MANI PULITE: IL PUNTO DELLE INDAGINI
MANI PULITE: IL PUNTO DELLE INDAGINI

Milano, 2 giu. (Adnkronos) - Archiviato il processo Cusani e le polemiche che ne derivano Mani pulite pero' non finisce. Nel pomeriggio il sostituto procuratore Gherardo Colombo ha interrogato per oltre un'ora l'ex tesoriere della Dc Severino Citaristi in merito ad un versamento di un miliardo e 600 milioni ricevuto prima delle elezioni politiche del '92 dall'imprenditore Leonardo Caltagirone, attualmente detenuto. Proprio sulla detenzione di Caltagirone si pronuncera' domani il Tribunale della liberta', che sara' presieduto da Giuseppe Tarantola, in merito al ricorso presentato dai difensori per ottenere la scarcerazione. I legali di Caltagirone Edda Gandossi e Oreste Dominioni, si sono lamentati perche' Caltagirone aveva gia' parlato di questo versamento con i giudici romani, versamento che era stato anche deliberato dal consiglio di amministrazione della societa' di Caltagirone.

Un particolare curioso su cui hanno posto l'accento e' che la conferma delle accuse fatta da Citaristi era stata fino 'all'interrogatorio di oggi' operata solo via fax. IL Tribunale della liberta' domani decidera' anche definitivamente sull'ennesimo ricorso fatto dai legali di Craxi contro il ritiro del passaporto all'ex leader socialista. In ballo questa volta l'inchiesta sul banco Ambrosiano, comunque anche se il tribunale desse ragione a Craxi rimarrebbe valido il ritiro del passaporto deciso in merito agli altri filoni dell'inchiesta.

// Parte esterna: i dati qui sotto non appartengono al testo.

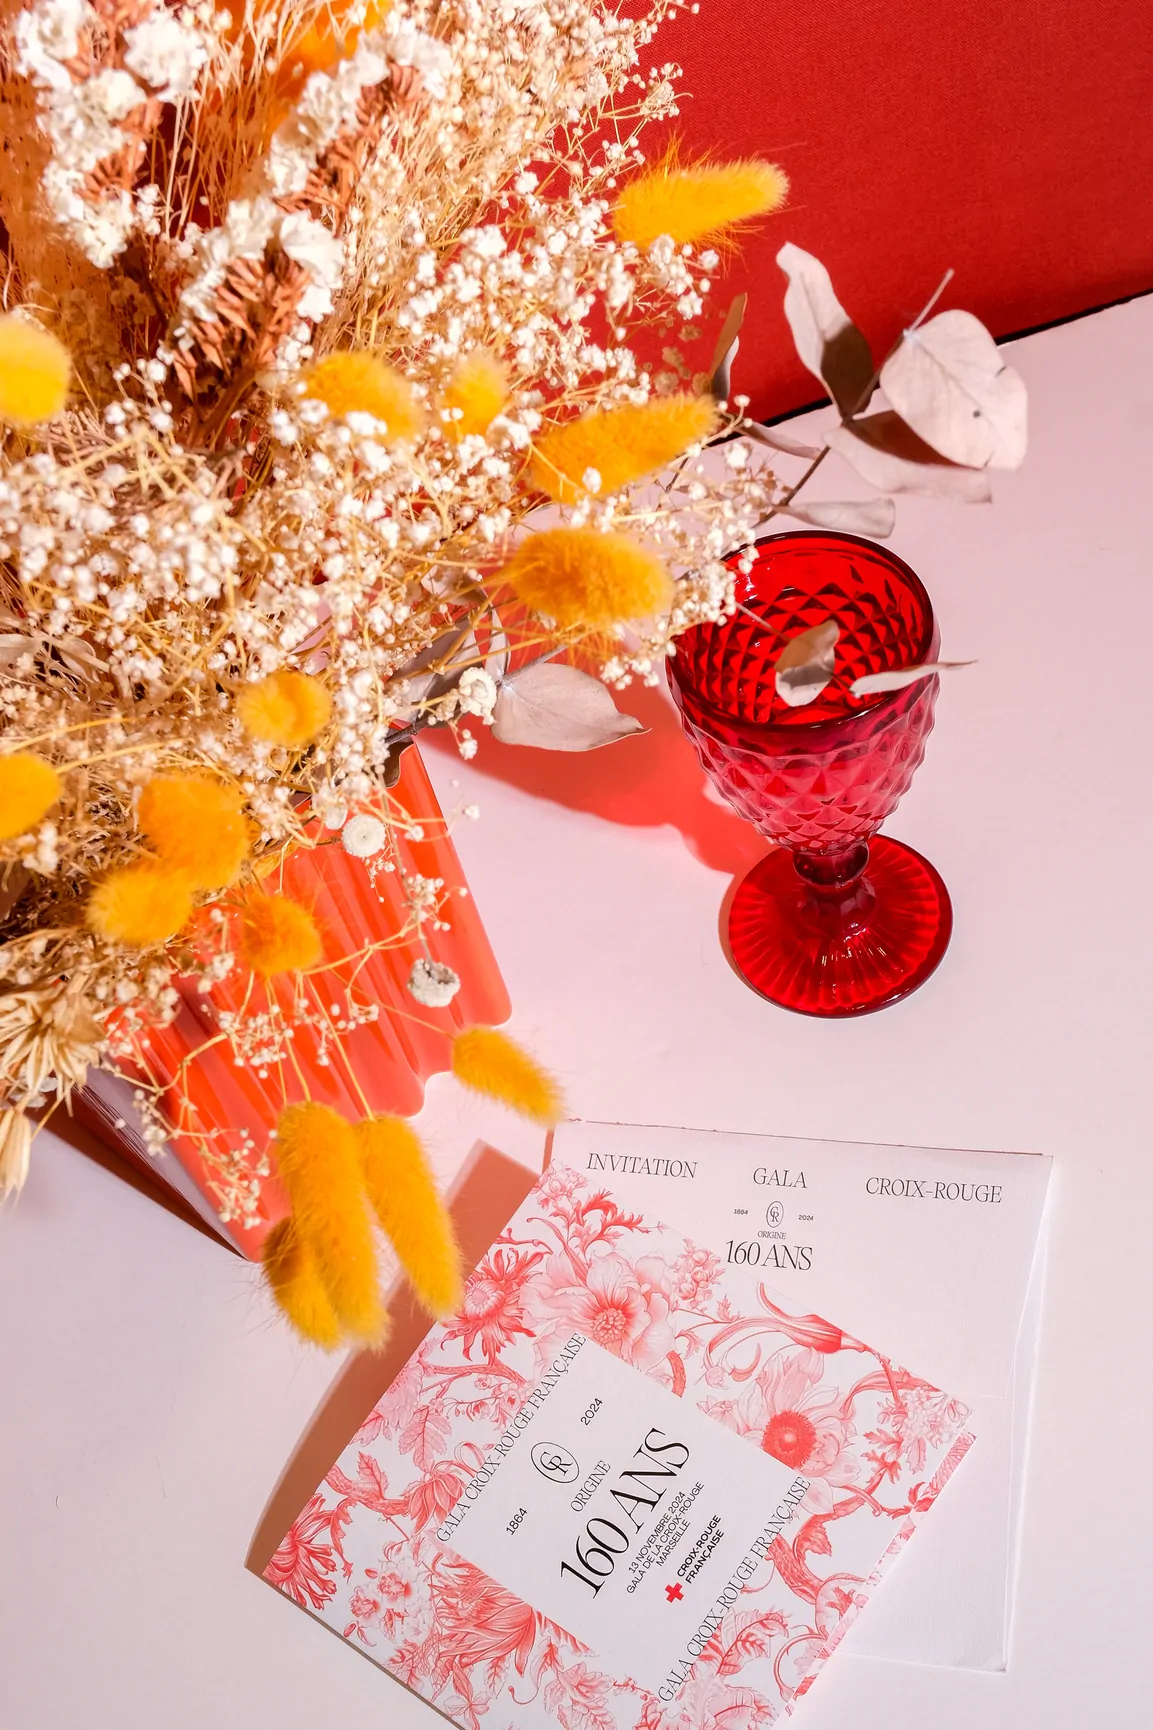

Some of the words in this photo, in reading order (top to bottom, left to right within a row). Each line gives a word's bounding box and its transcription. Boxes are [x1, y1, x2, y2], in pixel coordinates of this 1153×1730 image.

Al processo per le tangenti relative all'Eni-Sai e' stato interrogato oggi l'ex membro della giunta dell'Eni Antonio Sernia che ha ribadito piu' volte di non essere mai stato a conoscenza del pagamento di 17 miliardi fatto da Salvatore Ligresti per favorire la nascita, peraltro mai avvenuta, della joint venture tra Eni e Sai. E' attesa per domani, infine, la sentenza riguardante Paolo Pillitteri e Carlo Tognoli in relazione alle tangenti pagate per gli appalti per la A M. Principale accusatore dei due ex sindaci e' Mario Chiesa che ha affermato di avere 'girato' dei soldi ai due ex primi cittadini di Milano. Per loro l'accusa ha chiesto 4 anni e 8 mesi per Pillitteri e 4 anni e 6 mesi per Tognoli.